To make La Cabeza de Perro, grapes from only two plots are used: La Dehesa and La Viña de Ángel, a vine blend made up of Palomino (75%) and Doña Blanca (25%). After pressing, a static settling is carried out and, subsequently, the must ferments, with its own yeasts, in a new, open 5,000-liter foudre. After fermentation, just over half of the wine goes to a stainless steel tank, while the rest is aged on its fine lees for eight months in used barrels, one of 500 liters and the other of 400, before being assembled and bottled.
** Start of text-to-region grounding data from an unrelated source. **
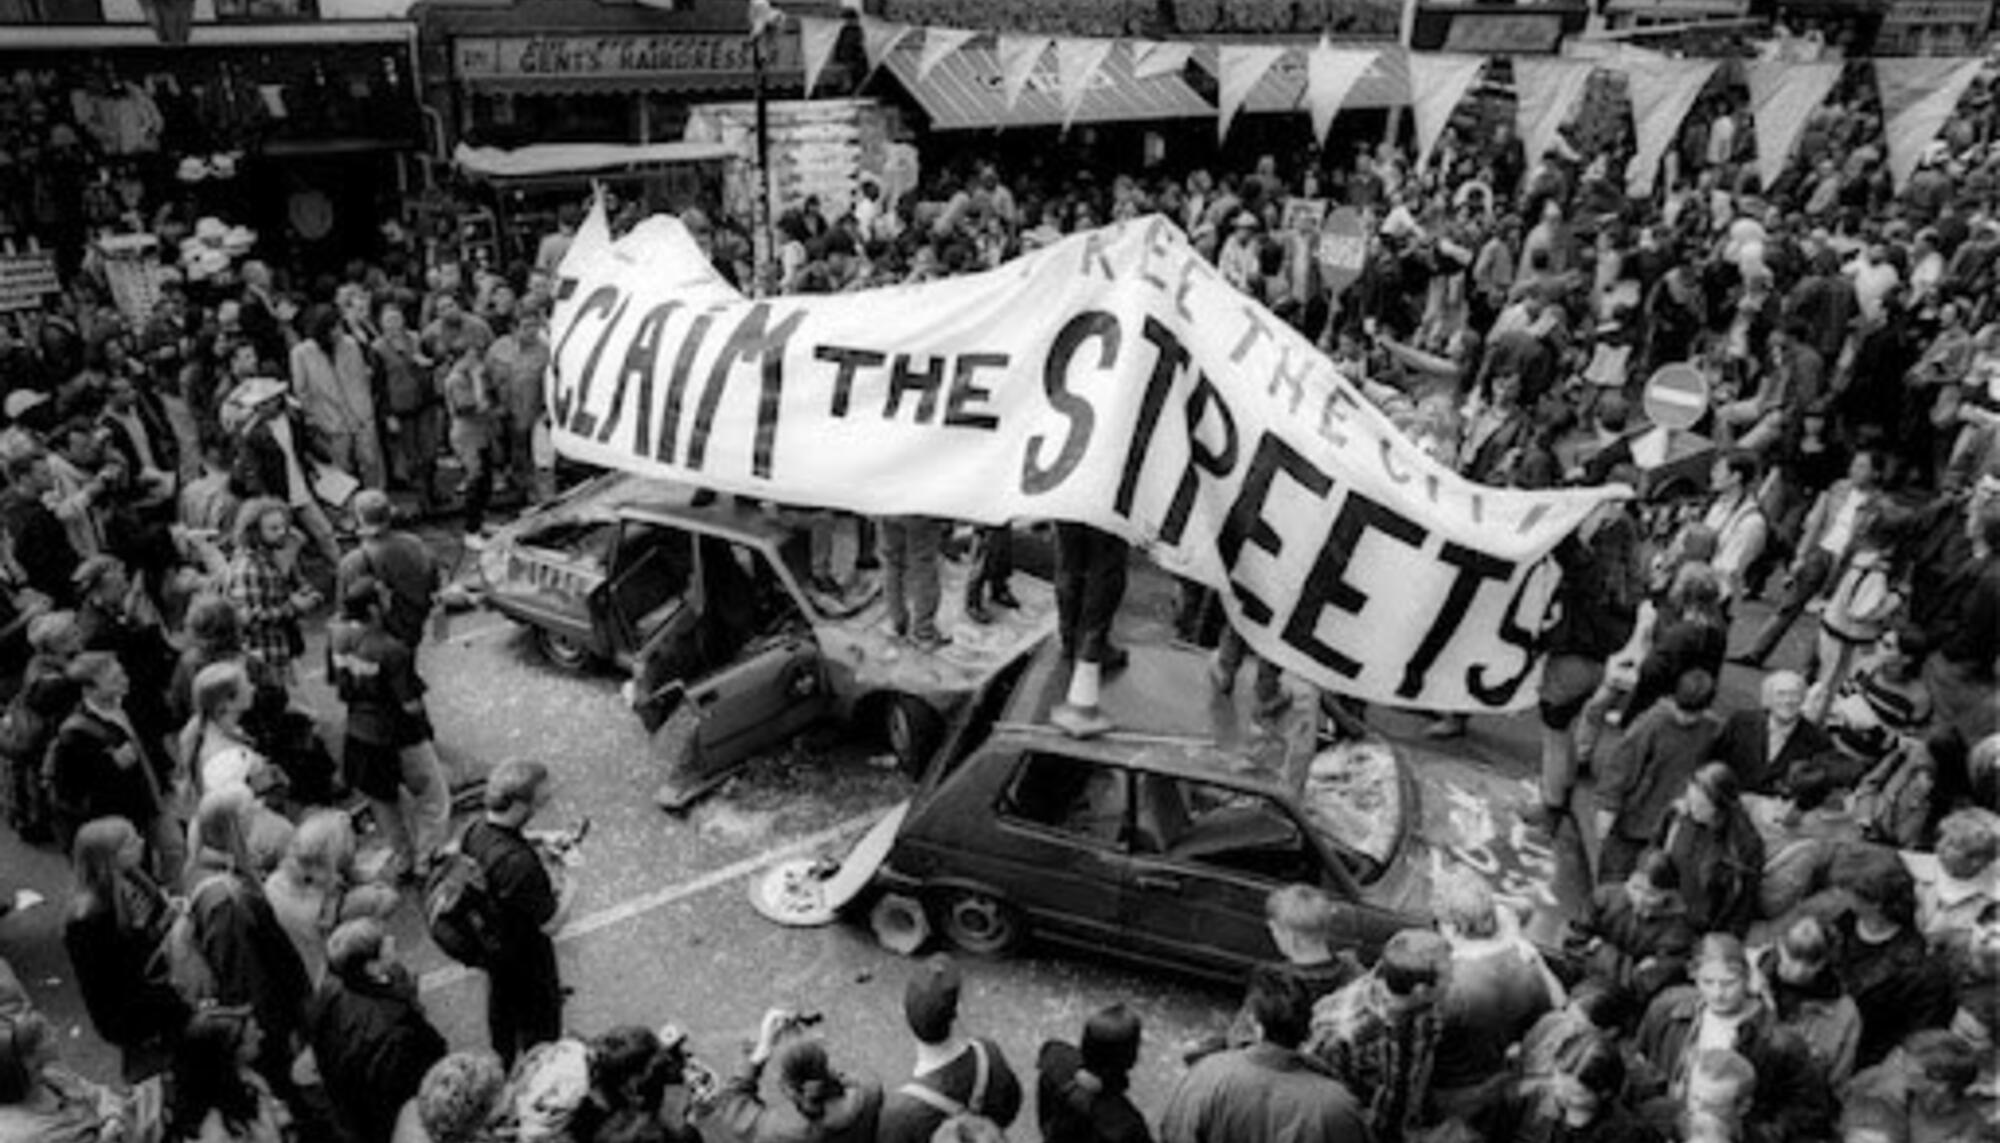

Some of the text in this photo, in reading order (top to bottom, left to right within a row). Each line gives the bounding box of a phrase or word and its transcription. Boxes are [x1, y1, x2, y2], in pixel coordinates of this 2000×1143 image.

[619, 49, 779, 70] HAIRDRESS
[1019, 213, 1215, 324] REE
[1230, 304, 1361, 447] THE
[549, 278, 1553, 707] CLAIM THE STREETS
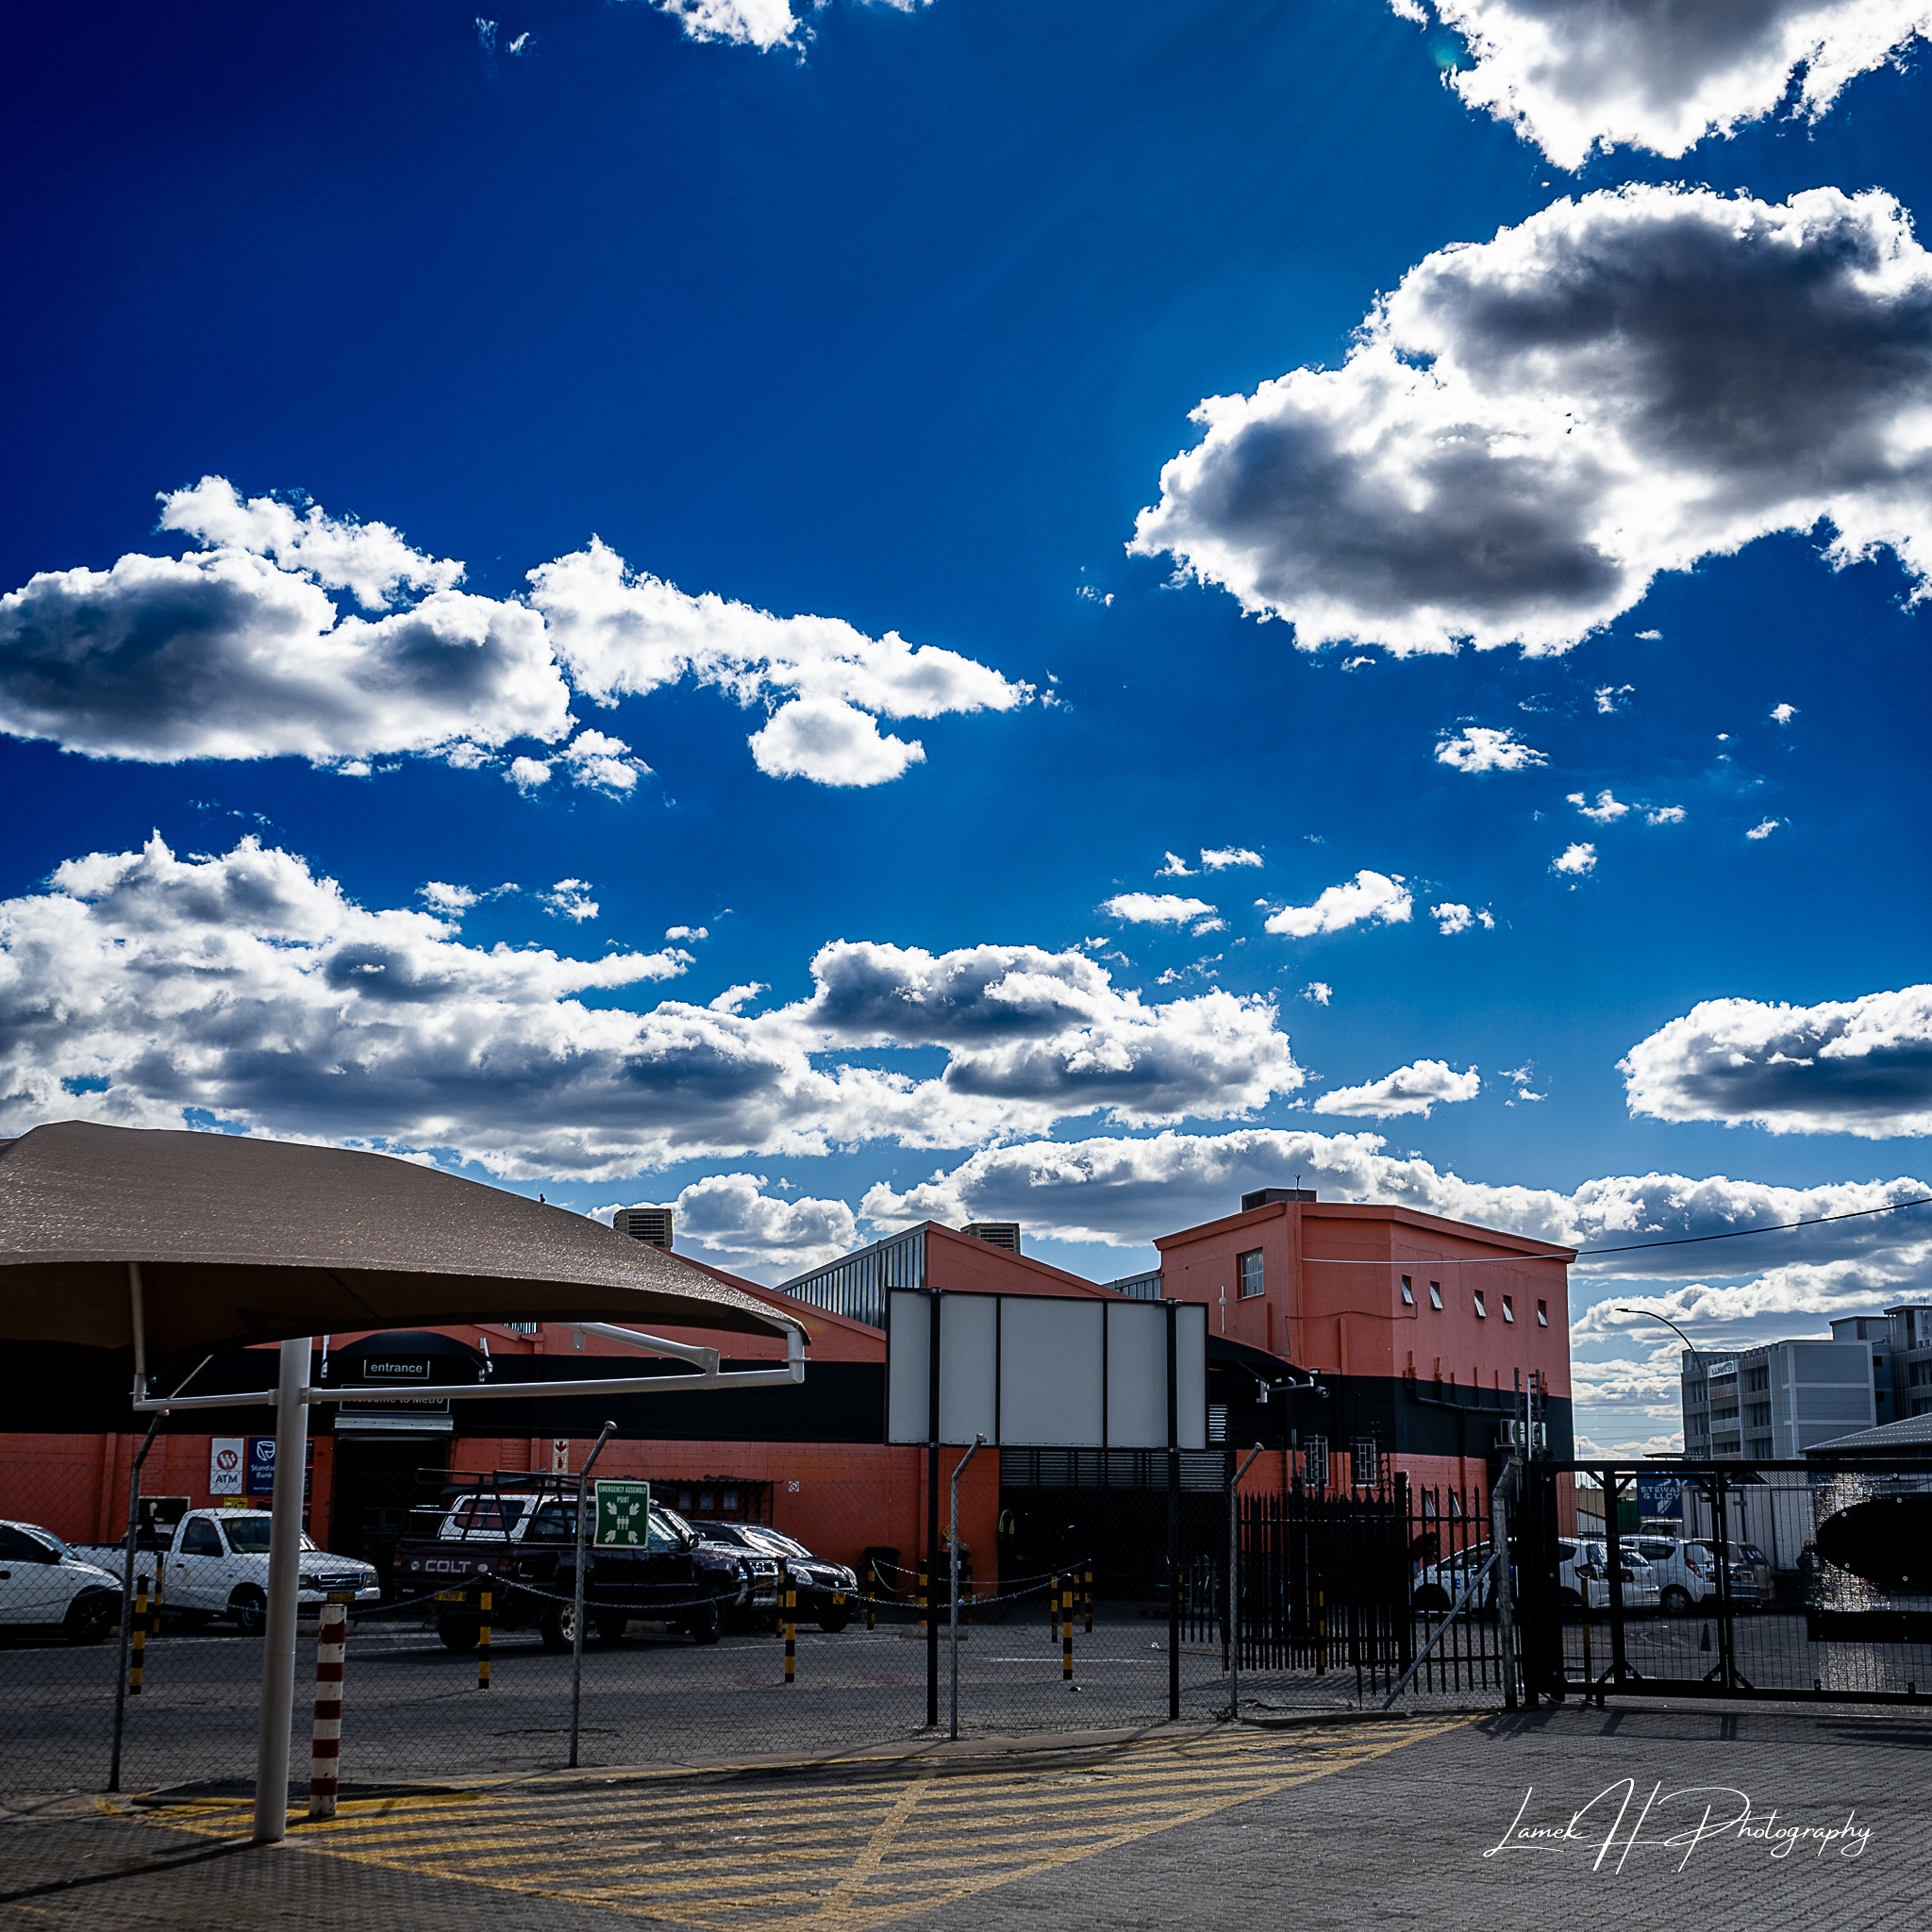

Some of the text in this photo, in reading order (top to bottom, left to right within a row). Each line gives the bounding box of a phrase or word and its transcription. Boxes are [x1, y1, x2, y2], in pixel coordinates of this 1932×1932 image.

[371, 1362, 423, 1373] entrance
[215, 1474, 238, 1483] ATM
[598, 1485, 646, 1494] EMERGENCY ASSEMBLY
[425, 1559, 472, 1573] COLT
When we look at it in the glass, we find a pale golden coloured wine that has grown in floral aromas since we last tasted it. It is very aromatic, very expressive, despite having been bottled for just a month. In addition to that floral load that we attribute to the Doña Blanca, we find aromas of peach, apricot, fennel and hay. There are a lot of mountains, a lot of landscape in a glass that when passing through the palate is simply delicious, exuberant, complex, structured …
While tasting it, we wonder if it makes sense for a wine of this size to be marketed as an access range. But on the other hand, we always say that the great producers are those who offer good wines in their entire catalog. To us, of course, the seven and a half euros that this Cabeza de Perro costs on the Cantariña Vinos de Familia website seem like a real gift.